Former Justice John Paul Stevens Says Liebman's Book Demonstrates "Beyond a Shadow of a Doubt" that Texas Executed Innocent Man

New York, January 26, 2015—Columbia Law School Professor James S. Liebman has “demonstrated beyond a shadow of a doubt” that Texas executed an innocent man, retired U.S. Supreme Court Justice John Paul Stevens said Jan. 20 (57th minute).

In 2014, Liebman, the Simon H. Rifkind Professor of Law, and five former students published The Wrong Carlos, a book chronicling the investigation he and some of his students conducted into the criminal prosecution and execution of Carlos DeLuna. The investigation, previewed in an article in the Columbia Human Rights Law Review in 2012, identifies another Carlos, Carlos Hernandez, as the man who committed the crime for which DeLuna may was executed. Liebman and his former students have also produced a digital companion to the book that makes publicly available the most comprehensive set of primary records in any U.S. capital case.
Speaking to an audience at the University of Florida Levin College of Law, Stevens said Liebman’s book is “a sufficient argument against the death penalty.”

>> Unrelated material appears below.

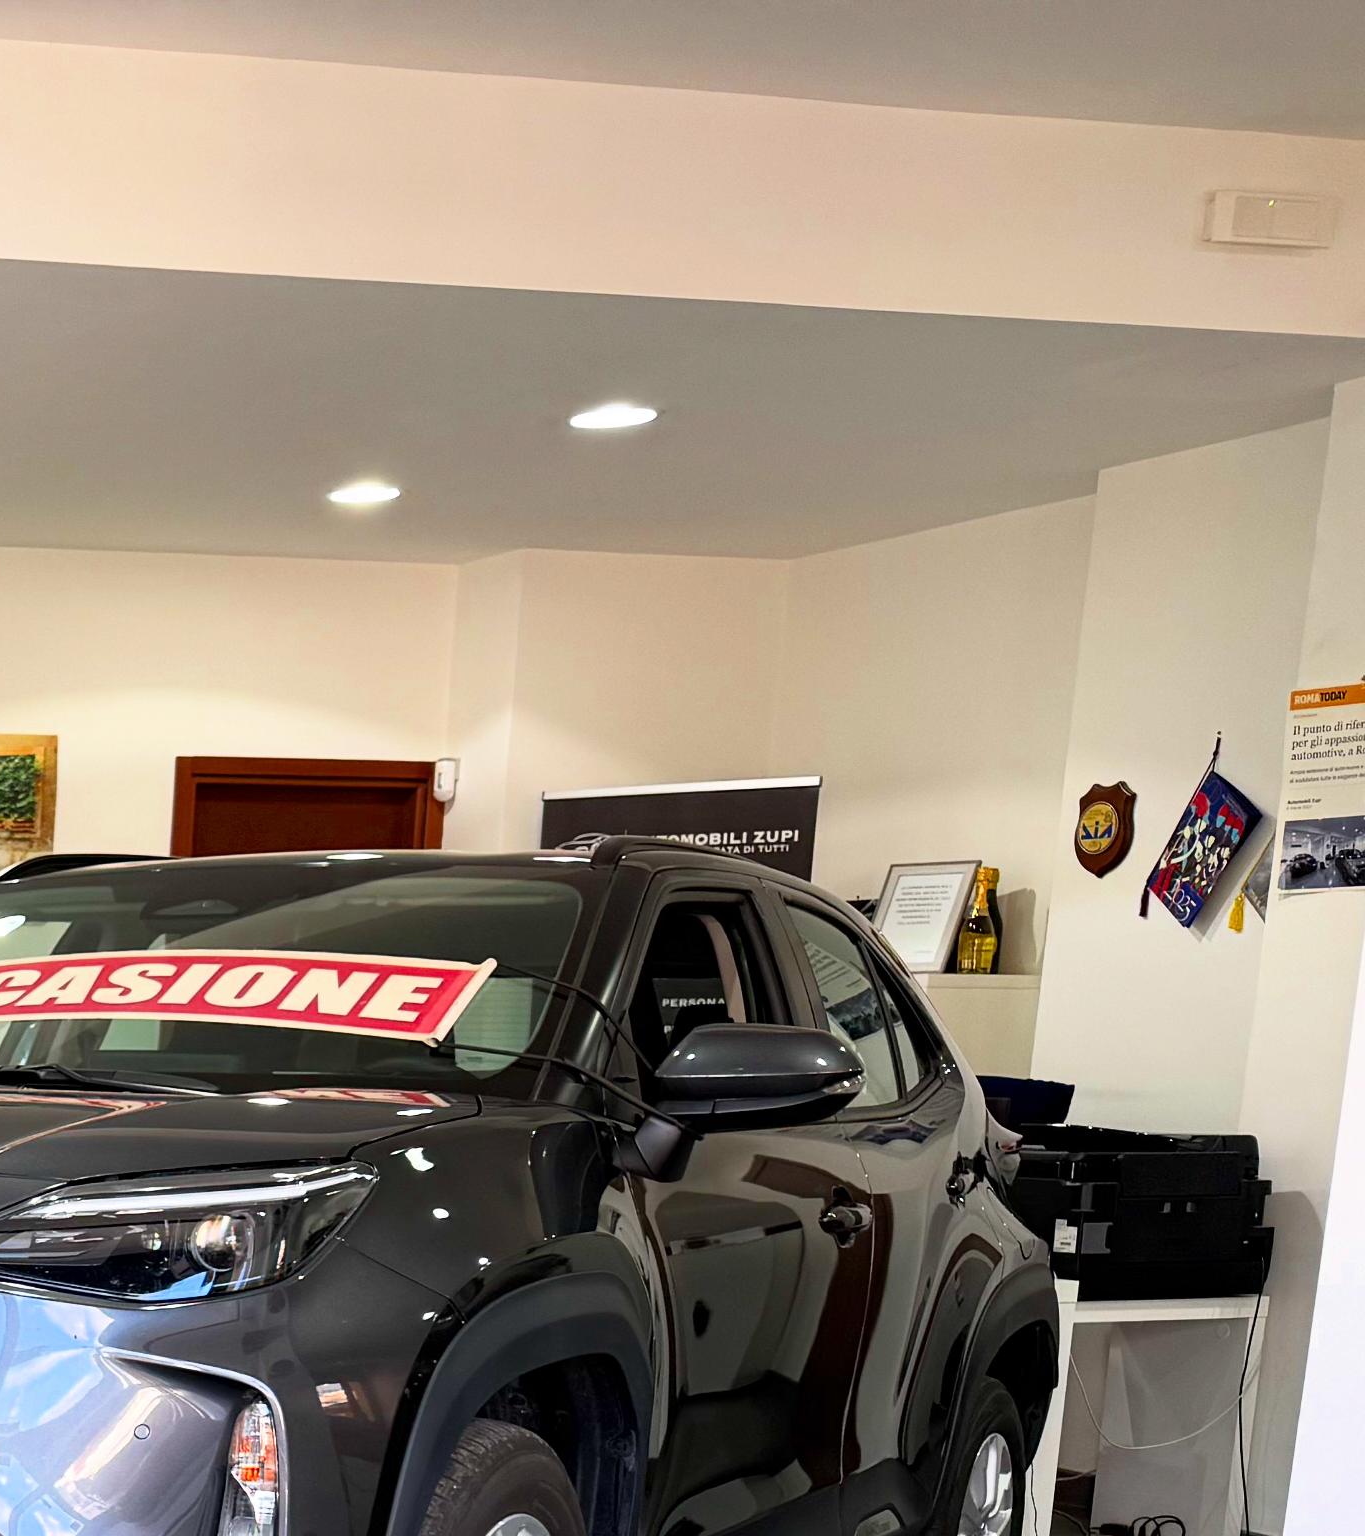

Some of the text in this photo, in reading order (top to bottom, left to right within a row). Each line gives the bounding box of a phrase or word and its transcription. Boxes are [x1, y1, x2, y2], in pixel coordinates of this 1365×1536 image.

Here is the comment Stevens made about Liebman’s book in its entirety:
“[Liebman] has demonstrated I think beyond a shadow of a doubt that there is a Texas case in which they executed the wrong defendant, and that the person they executed did not in fact commit the crime for which he was punished. And I think it's a sufficient argument against the death penalty: society should not take the risk that that might happen again, because it's intolerable to think that our government, for really not very powerful reasons, runs the risk of executing innocent people."
Liebman, a former clerk for Stevens, is the author of numerous works on the death penalty and habeas corpus, including the co-authored “Broken System” studies: A Broken System: Error Rates in Capital Cases, 1973-1995 (2000) and A Broken System, Part II: Why There Is So Much Error in Capital Cases and What Can Be Done About It (2002).
Liebman joined the Columbia Law School faculty in 1985 and was assistant counsel at the NAACP Legal Defense and Educational Fund from 1979 to 1985.